This is the beginning to "Love Match," the (adults only) tennis story I will be posting over on my Patreon site (www.patreon.com/kyellgold). For as little as $5/month you can follow the story of Rocky the black-backed jackal as the most important tennis match of his life brings him to reflect back on his start in tennis, his discovery of his sexuality and his first (GAY) relationships, family dramas, and his rivalry with a particular cross fox. Icon by Kenket, who along with Rukis will be contributing art! I'm enjoying this book and hope you guys will too!

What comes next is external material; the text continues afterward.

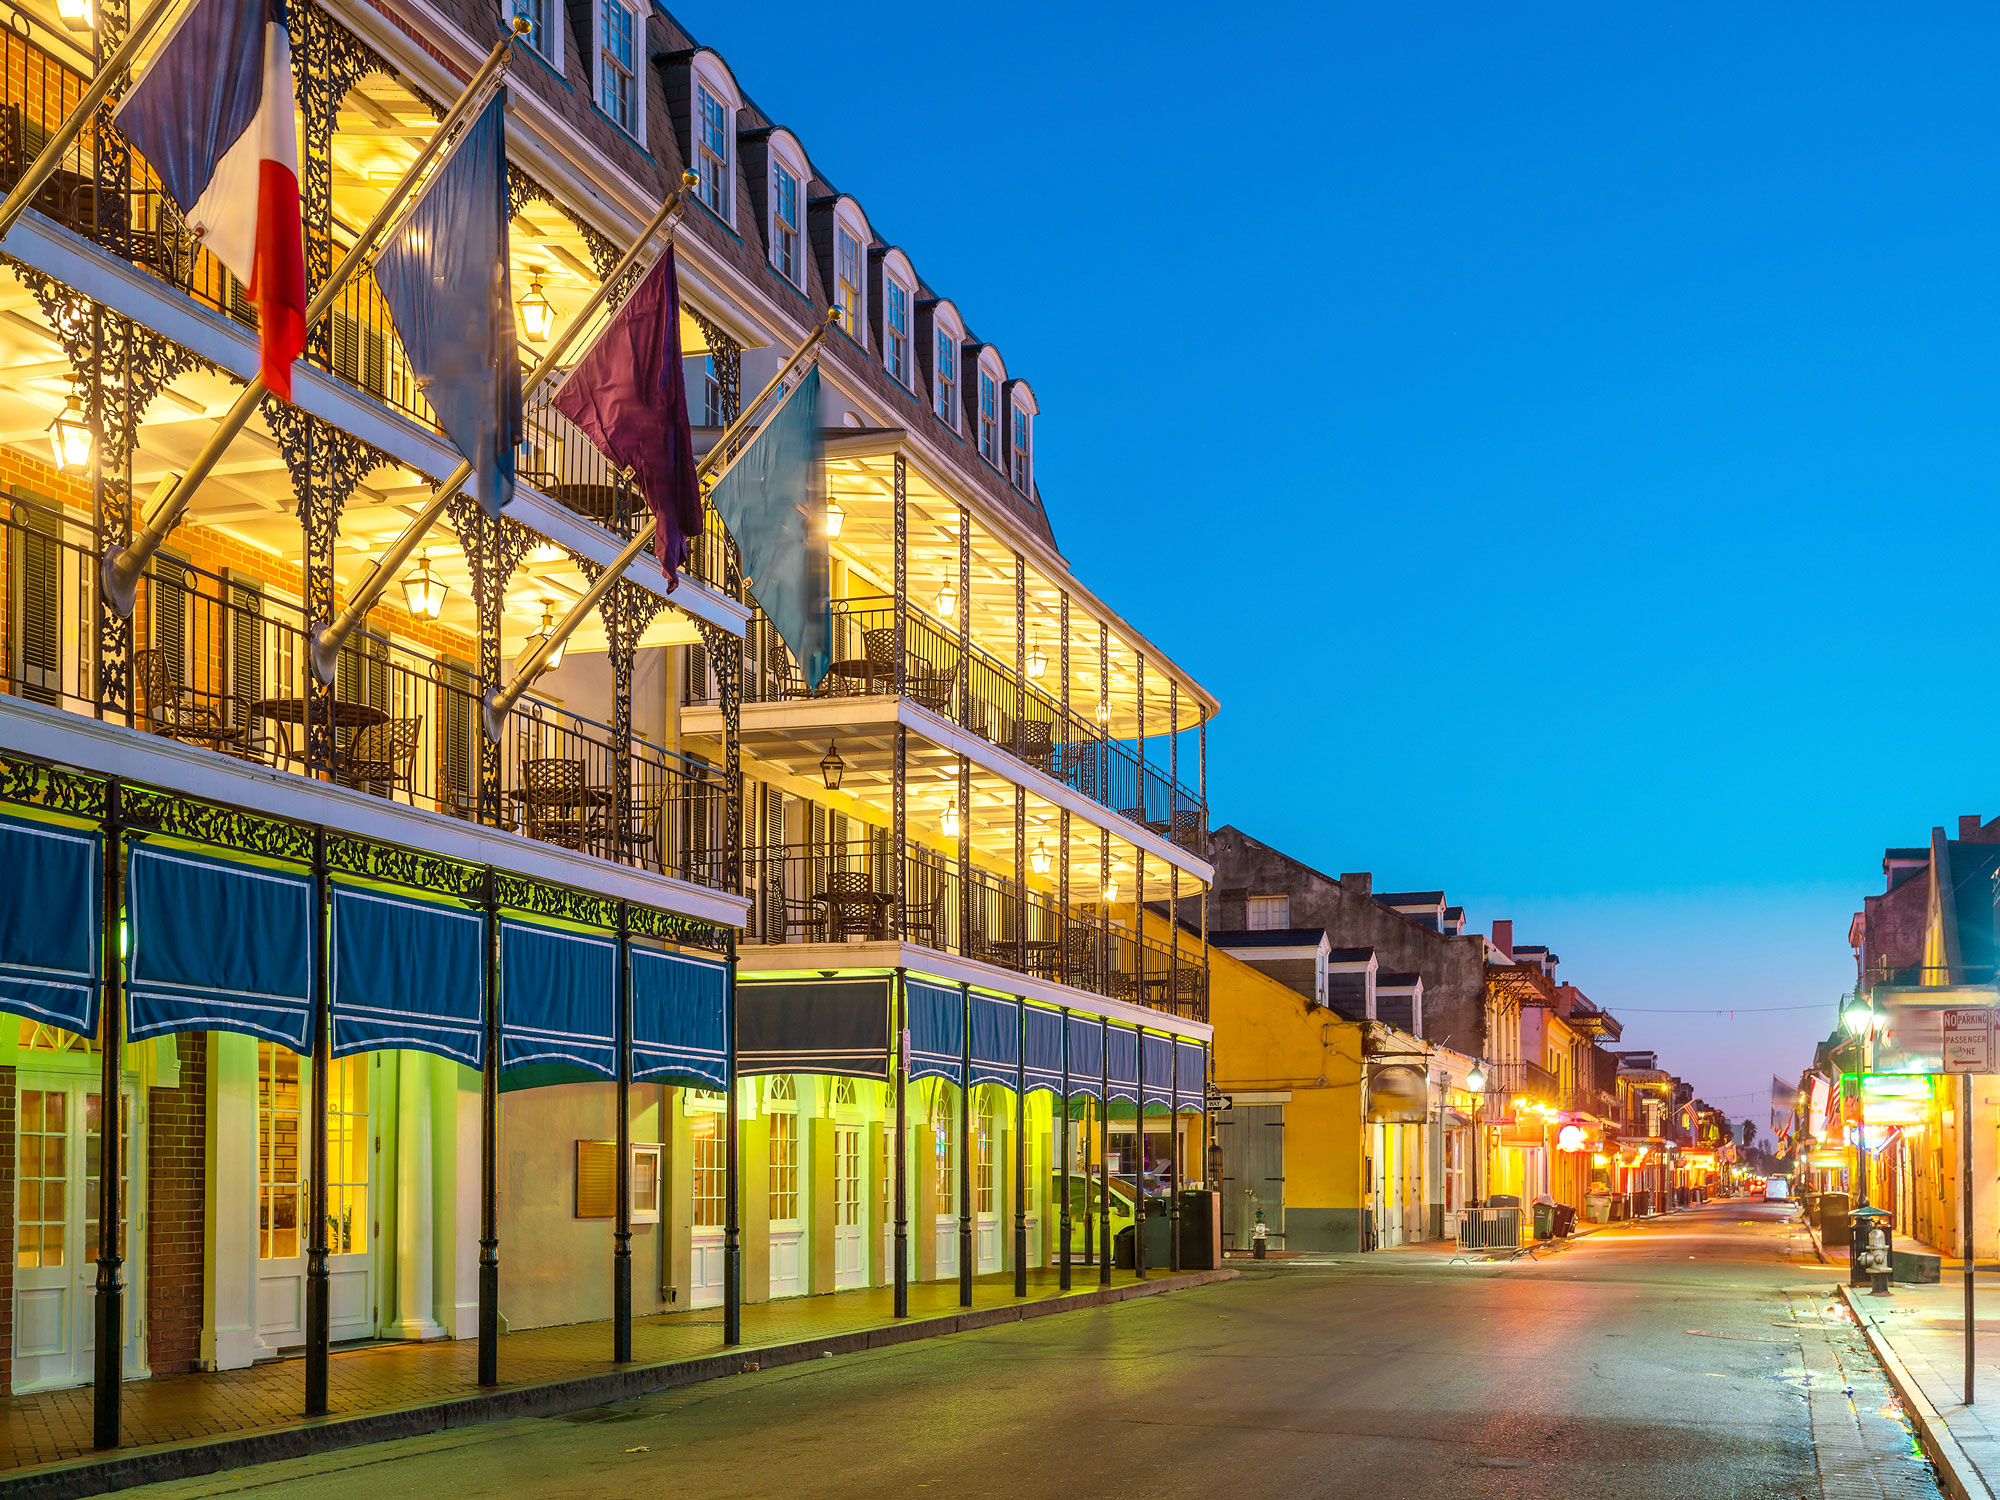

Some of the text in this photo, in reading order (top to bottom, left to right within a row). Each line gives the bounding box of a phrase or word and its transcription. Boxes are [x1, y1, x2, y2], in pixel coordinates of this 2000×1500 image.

[1944, 1014, 1987, 1027] NO PARKING
[1946, 1036, 1986, 1044] PASSENGER

Let's assume you've got a job. Okay, you're a call center employee or a concession stand worker or a guy who makes tennis balls in a factory or a system administrator. That's a real thing, right? My agent was talking to one when she was getting my website up. Whatever it is, you've got this job. Now say that every weekend--or every week in your case because you have weekends off, right?--every week, the way you do your job is compared to a hundred other people. Sometimes as many as two hundred if it's a big week.

Understand, you're not just being evaluated against people at your company. This is across the world. All the best tennis ball factory workers, all the best concession stand workers, all the best system administrators. And your salary is determined by how you do that week. If you come out on top, if you make the best tennis balls the fastest, or whip out hot dogs without an error or...administer the systems the best: big raise. Huge. You might be able to coast for a few months on that, or a year or two if it's a big week. If you finish in the middle, you keep plugging along. If you finish last, well, you can still do the job, but they stop paying you so much, or at all.

On top of that, every week somebody in some central office ranks you against all these other people. There are listings people can read in the paper that show that you are the 198th best system administrator in the world, or the 48th best call center employee. Your life starts to revolve around those numbers. Maybe if you're top-100, you can move to a better company. Maybe if you're top-50, you can get major endorsements. Well, you don't get endorsements, but you know what I mean. And it's a pretty amazing thing, to be in the top 100 of all tennis ball factory workers worldwide. Top 100, out of like 6 billion people! But all you can think about are those 80-90 guys ahead of you.

Welcome to professional tennis. I can tell you without fail what my ranking was at the end of each of my years as a professional (I'm currently in my fourth). I can tell you what it was for each of the last ten weeks. I can tell you what I was seeded at every tournament I've entered (ha ha, that is a trick; I have only been seeded in three tournaments ever). And I can tell you the names of the top ten players and my record against each one of them (2 wins, 8 losses, in the aggregate, because until this year I didn't get to play top ten players very much).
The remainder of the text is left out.